Sheila Hancock & Gyles Brandreth
The new presenters of Great Canal Journeys share the challenges of taking on the popular Channel 4 show
Actress Sheila Hancock and former Conservative MP Gyles Brandreth presented a new series of Channel 4’s Great Canal Journeys last year, taking the helm from the show’s original duo Timothy West and Prunella Scales.
In the hands of the boating newcomers, the programme has necessarily taken a new direction – and has been something of a baptism of fire. “Apart from being an occasional passenger on the Isle of Wight ferry,” says Sheila, “I’ve done nothing on water. Never ever.” Gyles is even more categorical: “I’ve played with ducks in the bath but even as a child I didn’t have a toy boat. Water just wasn’t on my radar, and that continued through adulthood. Hiring a boat would never have occurred to me before.”
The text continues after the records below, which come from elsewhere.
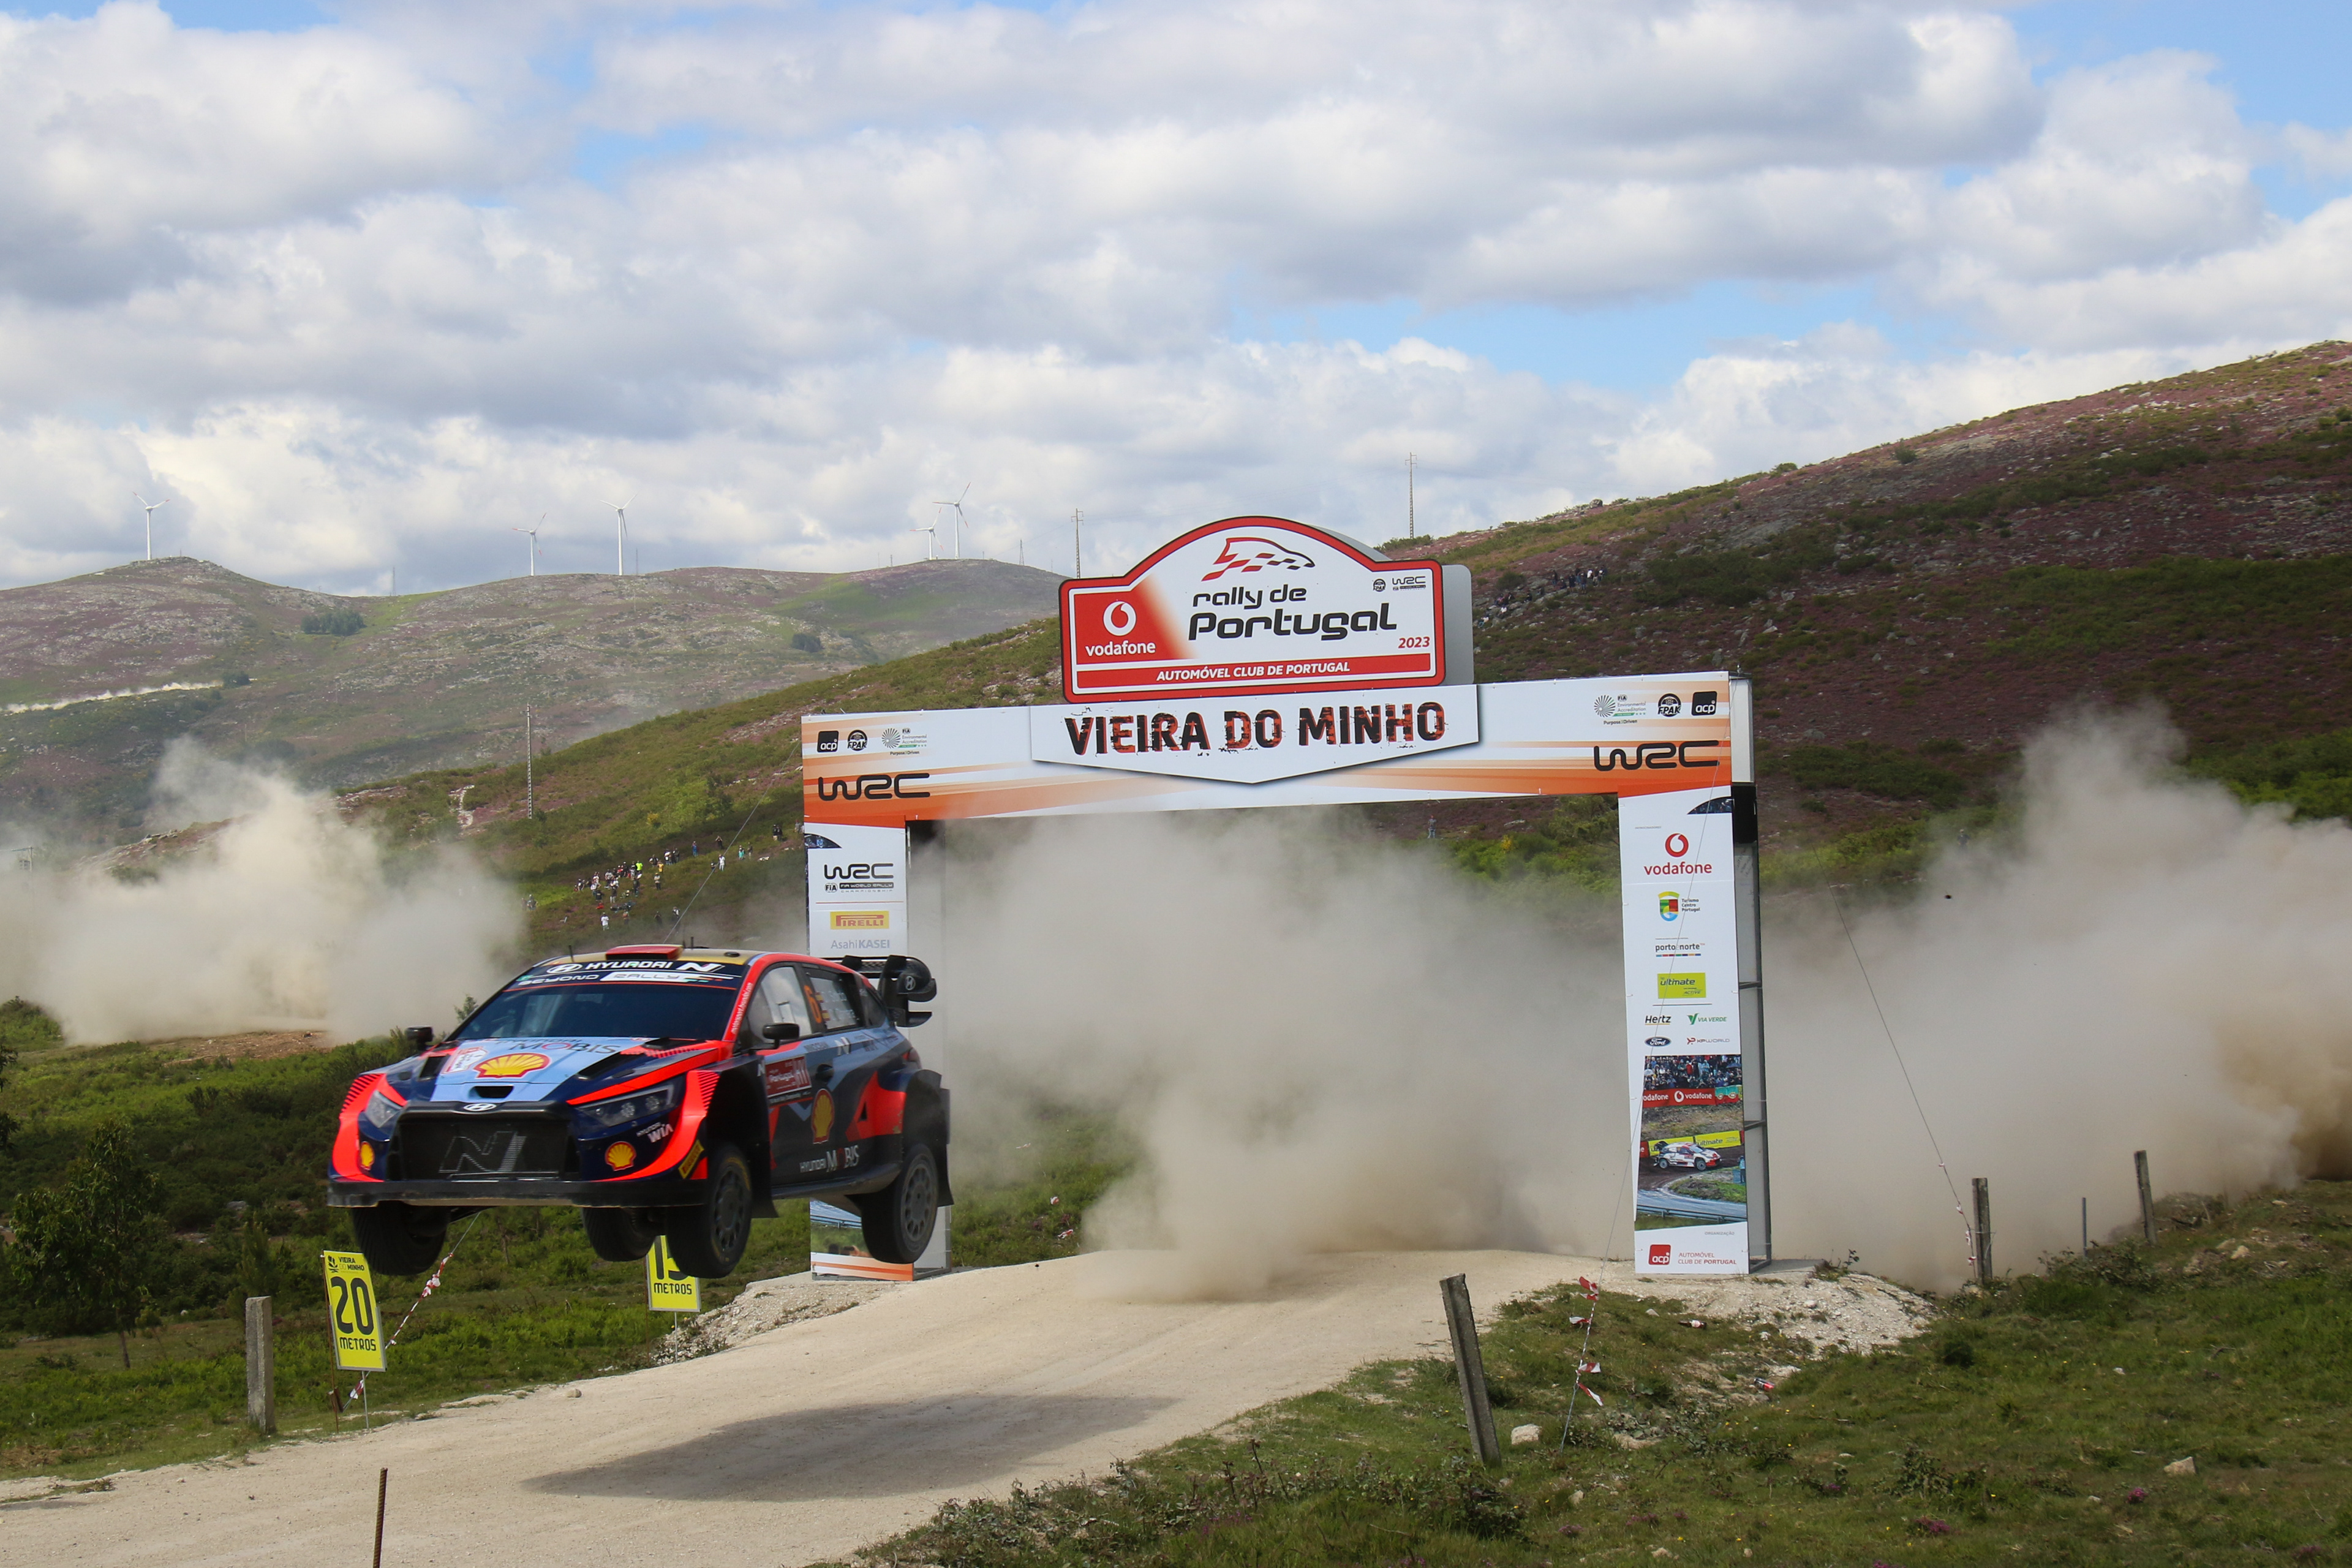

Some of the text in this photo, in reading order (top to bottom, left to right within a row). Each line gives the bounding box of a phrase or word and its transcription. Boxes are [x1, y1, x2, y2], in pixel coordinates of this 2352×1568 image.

[1392, 576, 1426, 585] WRC
[1193, 584, 1307, 610] rally de
[1188, 603, 1397, 641] Portugal
[1085, 640, 1156, 657] vodafone
[1398, 636, 1430, 649] 2023
[1156, 662, 1351, 681] AUTOMÓVEL CLUB DE PORTUGAL
[1657, 706, 1680, 715] FPAK
[1695, 704, 1715, 714] acp
[1065, 701, 1446, 755] VIEIRA DO MINHO
[820, 742, 837, 751] acp
[847, 741, 867, 749] FPAK
[1594, 740, 1720, 771] WRC
[818, 773, 930, 801] WRC
[824, 863, 894, 880] WRC
[1644, 861, 1713, 875] vodafone
[836, 914, 884, 927] PIRELLI
[584, 960, 674, 971] HYUNDAI
[518, 974, 600, 986] BEYOND
[804, 984, 822, 1023] 6
[1645, 1015, 1672, 1023] Hertz
[509, 1042, 621, 1054] MOBIS
[1652, 1256, 1669, 1264] acp
[654, 1283, 692, 1295] METROS
[330, 1276, 374, 1336] 20
[339, 1337, 377, 1352] METROS
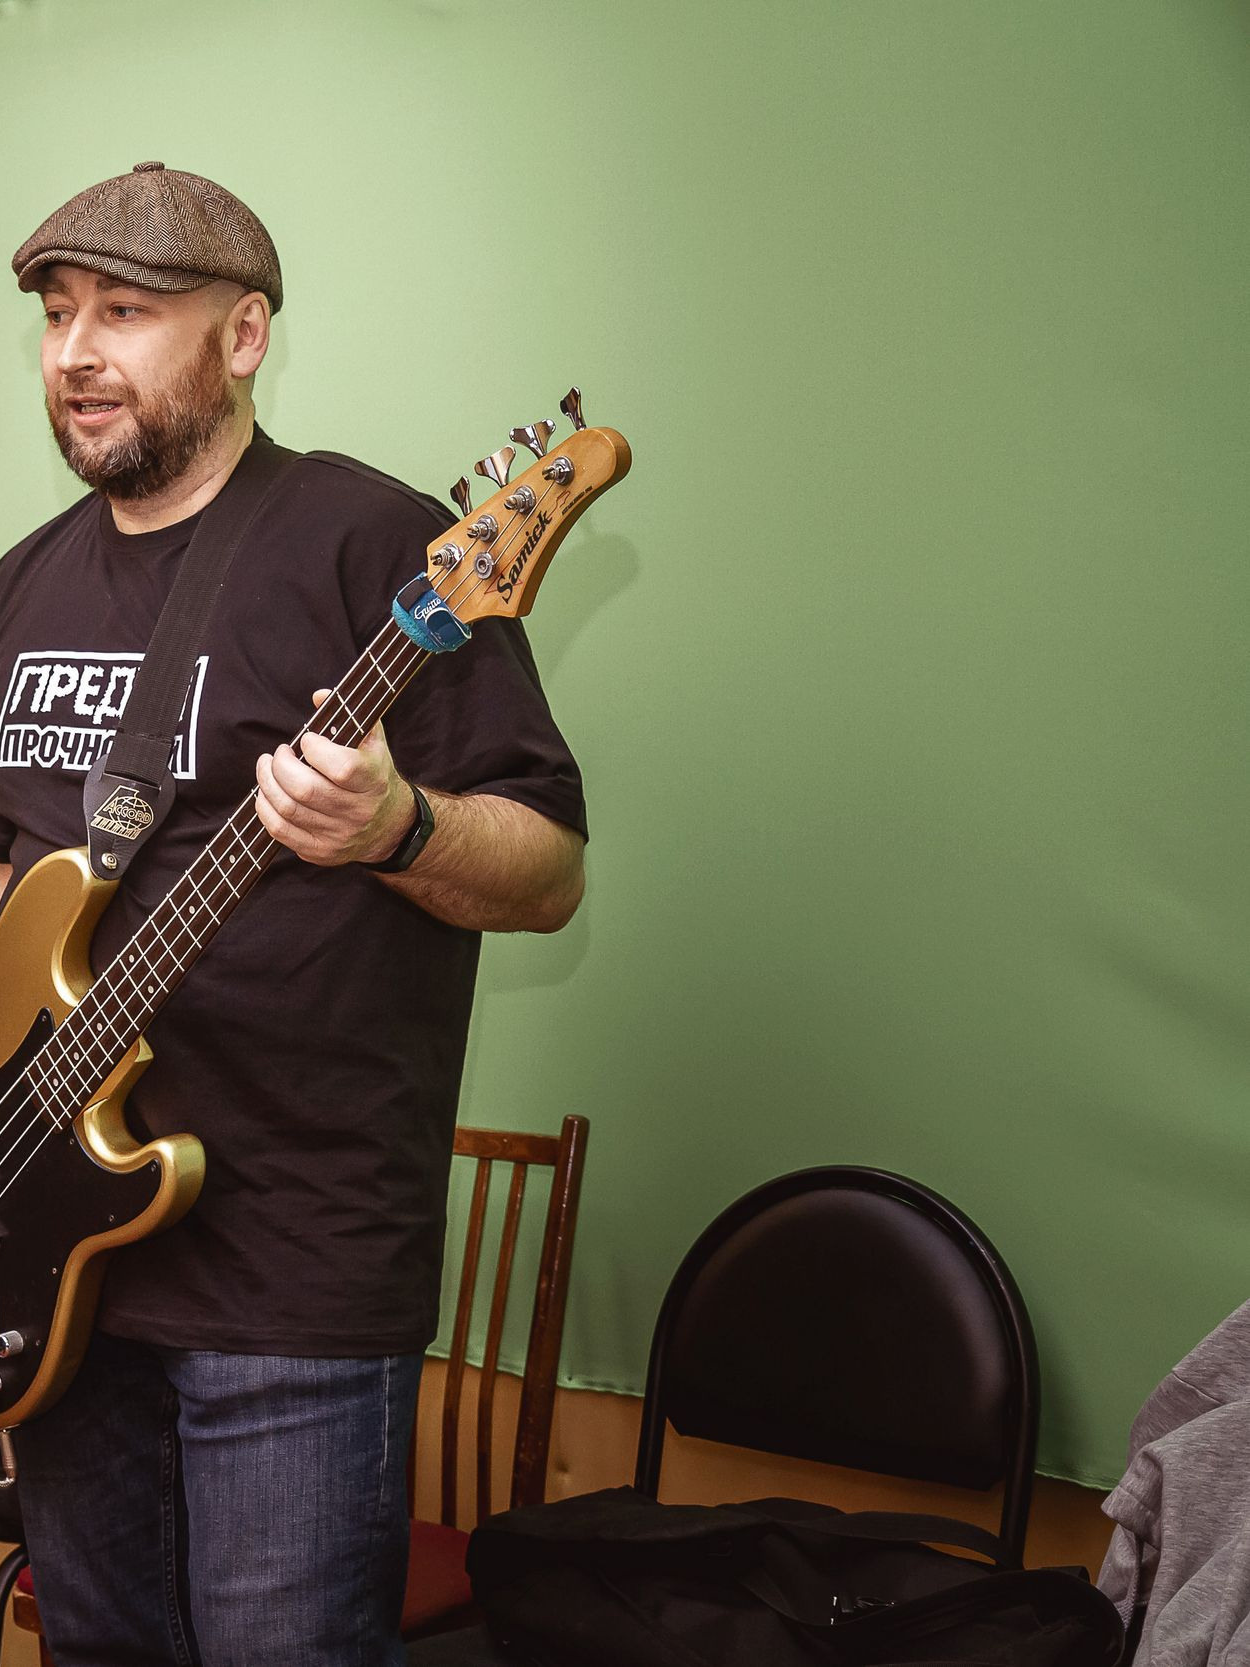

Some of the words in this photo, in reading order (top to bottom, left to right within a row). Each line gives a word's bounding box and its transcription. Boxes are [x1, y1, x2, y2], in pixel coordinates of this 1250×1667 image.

[496, 510, 556, 605] Samick
[414, 598, 442, 620] Guitto
[9, 663, 196, 725] ПРЕД
[103, 797, 152, 825] ACCORD
The producers certainly threw them in at the deep end. The first episode saw them tackling the non-tidal Thames, which included the bustling tourist hotspots of Henley and Windsor. It’s a waterway that can be daunting even for experienced boaters, but add a 70ft wide-beam into the equation, not a mid-length narrowboat, and the difficulty level is higher still. “It was absolutely ridiculous,” admits Sheila. “The boats we were given throughout the series were huge, and all slightly different, meaning I had to acclimatise to the steering and size afresh each time. But I love boating now and I’m getting quite good at it.”
For Gyles the challenge was overcoming an almost total absence of driving nous. “Even in a car I struggle. When I turn a corner or come to a roundabout I have to turn the radio down. I can’t do two things at once. So, at first I found canal navigation impossible. It’s all counter-intuitive – not just the direction you move the tiller but which side of the ‘road’ you have to keep to. It was all topsy-turvy to me.”
Having filmed four episodes, the pair are hoping that the producers give them the opportunity to work on a second series. “I’m up for anything now,” says Sheila. “If you’d previously asked if I’d consider a canal holiday in the Black Country I wouldn’t thought you were crazy. I’ve been proved wrong. It was one of the best things I’ve ever done in my life.”